YOUR OBJECTIVE:
Although the records contain pictures, only their text should be set down, exactly as written.

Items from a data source
◇ ◇ ◇
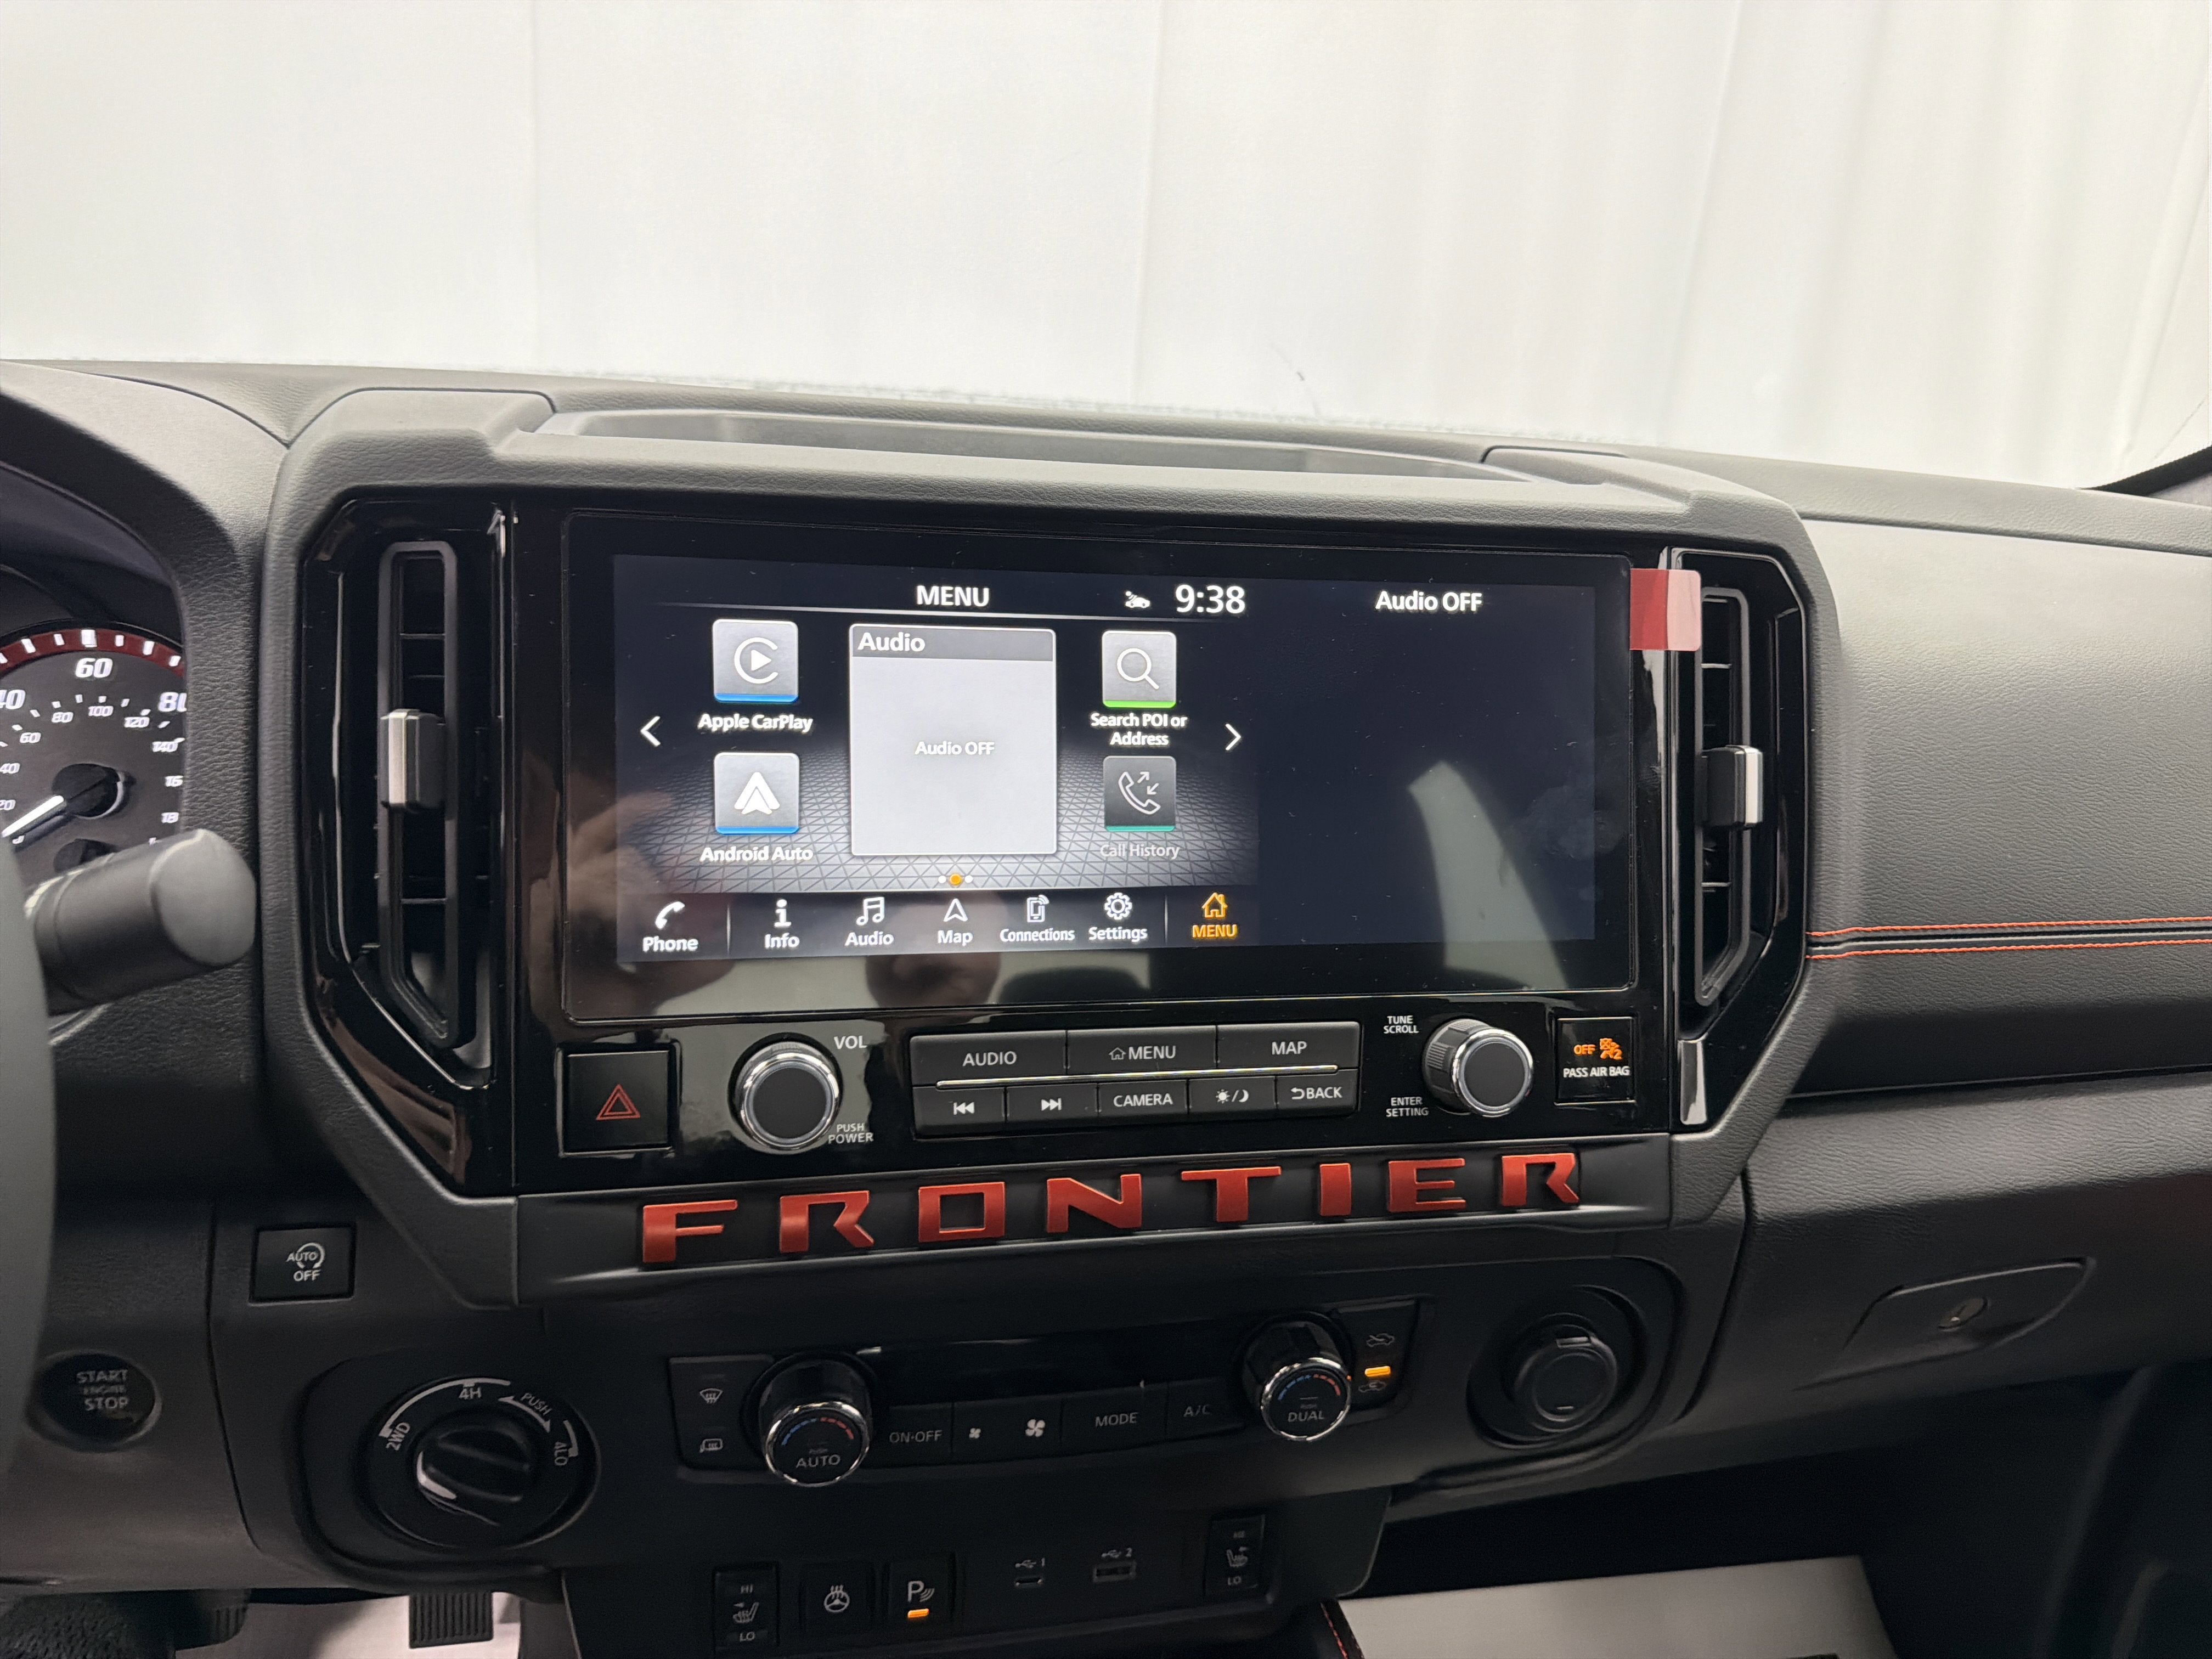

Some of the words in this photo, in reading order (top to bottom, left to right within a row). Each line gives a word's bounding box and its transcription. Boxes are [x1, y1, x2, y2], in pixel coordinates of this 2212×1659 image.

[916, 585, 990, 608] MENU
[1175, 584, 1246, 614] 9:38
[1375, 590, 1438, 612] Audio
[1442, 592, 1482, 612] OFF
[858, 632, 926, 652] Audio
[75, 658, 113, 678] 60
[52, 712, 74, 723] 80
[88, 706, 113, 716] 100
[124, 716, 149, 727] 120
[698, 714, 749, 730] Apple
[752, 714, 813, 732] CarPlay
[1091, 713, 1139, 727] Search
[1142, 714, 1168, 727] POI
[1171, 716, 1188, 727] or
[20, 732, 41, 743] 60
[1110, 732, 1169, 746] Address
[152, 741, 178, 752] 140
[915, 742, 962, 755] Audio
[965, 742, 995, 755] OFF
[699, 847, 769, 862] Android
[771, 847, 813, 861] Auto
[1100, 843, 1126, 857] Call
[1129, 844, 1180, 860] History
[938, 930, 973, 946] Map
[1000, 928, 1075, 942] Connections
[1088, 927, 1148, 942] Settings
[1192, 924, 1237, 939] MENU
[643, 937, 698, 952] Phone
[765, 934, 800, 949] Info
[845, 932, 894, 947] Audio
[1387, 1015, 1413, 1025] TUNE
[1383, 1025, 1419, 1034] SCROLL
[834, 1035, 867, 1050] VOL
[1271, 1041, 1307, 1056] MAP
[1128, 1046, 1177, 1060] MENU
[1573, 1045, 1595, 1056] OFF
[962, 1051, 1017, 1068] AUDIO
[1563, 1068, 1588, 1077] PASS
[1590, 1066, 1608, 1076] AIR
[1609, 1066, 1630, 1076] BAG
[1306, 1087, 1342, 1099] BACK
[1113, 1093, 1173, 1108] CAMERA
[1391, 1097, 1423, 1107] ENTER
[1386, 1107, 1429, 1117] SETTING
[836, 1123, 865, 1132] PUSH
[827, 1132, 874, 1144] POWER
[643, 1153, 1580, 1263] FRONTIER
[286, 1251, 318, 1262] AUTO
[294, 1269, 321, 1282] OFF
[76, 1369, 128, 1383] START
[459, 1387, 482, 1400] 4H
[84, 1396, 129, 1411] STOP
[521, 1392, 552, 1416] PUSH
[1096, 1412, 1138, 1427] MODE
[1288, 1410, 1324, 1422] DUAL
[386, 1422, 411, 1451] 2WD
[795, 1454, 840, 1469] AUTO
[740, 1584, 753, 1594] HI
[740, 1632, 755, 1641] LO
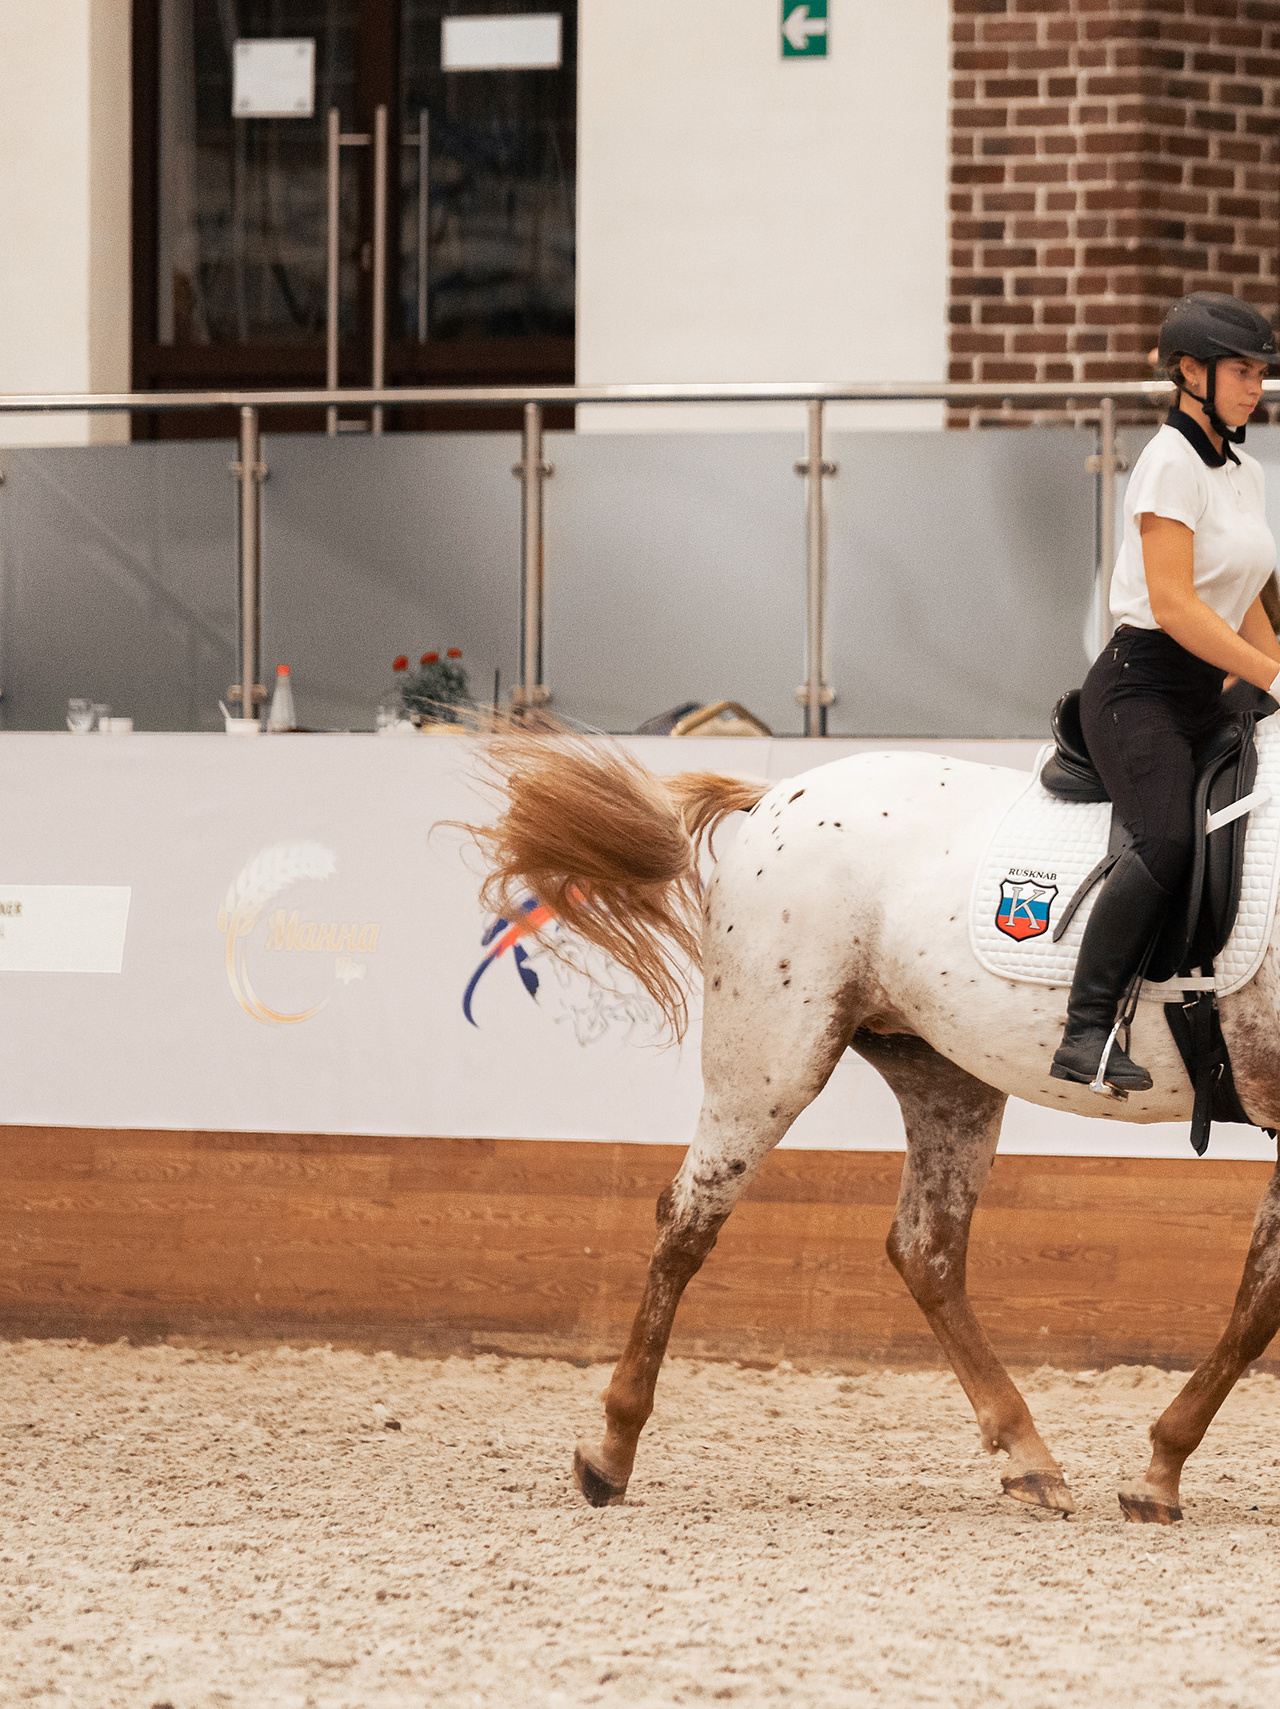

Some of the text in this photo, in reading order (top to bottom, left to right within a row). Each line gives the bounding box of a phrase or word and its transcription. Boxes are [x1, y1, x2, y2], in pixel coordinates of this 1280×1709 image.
◇ ◇ ◇
ANSWER TO THE PROBLEM:
Some of the words in this photo, in reading order (top to bottom, left to right within a row). Each line gives a word's bounding box and its transcription. Boxes are [x1, y1, x2, y2], in pixel coordinates of this 2212×1659 image.

[916, 585, 990, 608] MENU
[1175, 584, 1246, 614] 9:38
[1375, 590, 1438, 612] Audio
[1442, 592, 1482, 612] OFF
[858, 632, 926, 652] Audio
[75, 658, 113, 678] 60
[52, 712, 74, 723] 80
[88, 706, 113, 716] 100
[124, 716, 149, 727] 120
[698, 714, 749, 730] Apple
[752, 714, 813, 732] CarPlay
[1091, 713, 1139, 727] Search
[1142, 714, 1168, 727] POI
[1171, 716, 1188, 727] or
[20, 732, 41, 743] 60
[1110, 732, 1169, 746] Address
[152, 741, 178, 752] 140
[915, 742, 962, 755] Audio
[965, 742, 995, 755] OFF
[699, 847, 769, 862] Android
[771, 847, 813, 861] Auto
[1100, 843, 1126, 857] Call
[1129, 844, 1180, 860] History
[938, 930, 973, 946] Map
[1000, 928, 1075, 942] Connections
[1088, 927, 1148, 942] Settings
[1192, 924, 1237, 939] MENU
[643, 937, 698, 952] Phone
[765, 934, 800, 949] Info
[845, 932, 894, 947] Audio
[1387, 1015, 1413, 1025] TUNE
[1383, 1025, 1419, 1034] SCROLL
[834, 1035, 867, 1050] VOL
[1271, 1041, 1307, 1056] MAP
[1128, 1046, 1177, 1060] MENU
[1573, 1045, 1595, 1056] OFF
[962, 1051, 1017, 1068] AUDIO
[1563, 1068, 1588, 1077] PASS
[1590, 1066, 1608, 1076] AIR
[1609, 1066, 1630, 1076] BAG
[1306, 1087, 1342, 1099] BACK
[1113, 1093, 1173, 1108] CAMERA
[1391, 1097, 1423, 1107] ENTER
[1386, 1107, 1429, 1117] SETTING
[836, 1123, 865, 1132] PUSH
[827, 1132, 874, 1144] POWER
[643, 1153, 1580, 1263] FRONTIER
[286, 1251, 318, 1262] AUTO
[294, 1269, 321, 1282] OFF
[76, 1369, 128, 1383] START
[459, 1387, 482, 1400] 4H
[84, 1396, 129, 1411] STOP
[521, 1392, 552, 1416] PUSH
[1096, 1412, 1138, 1427] MODE
[1288, 1410, 1324, 1422] DUAL
[386, 1422, 411, 1451] 2WD
[795, 1454, 840, 1469] AUTO
[740, 1584, 753, 1594] HI
[740, 1632, 755, 1641] LO

Some of the text in this photo, in reading order (top to bottom, left to right within a row). Each line gives the bounding box of a phrase or word and its transcription. Boxes are [x1, y1, x2, y2], in pixel coordinates of this 1280×1709 image.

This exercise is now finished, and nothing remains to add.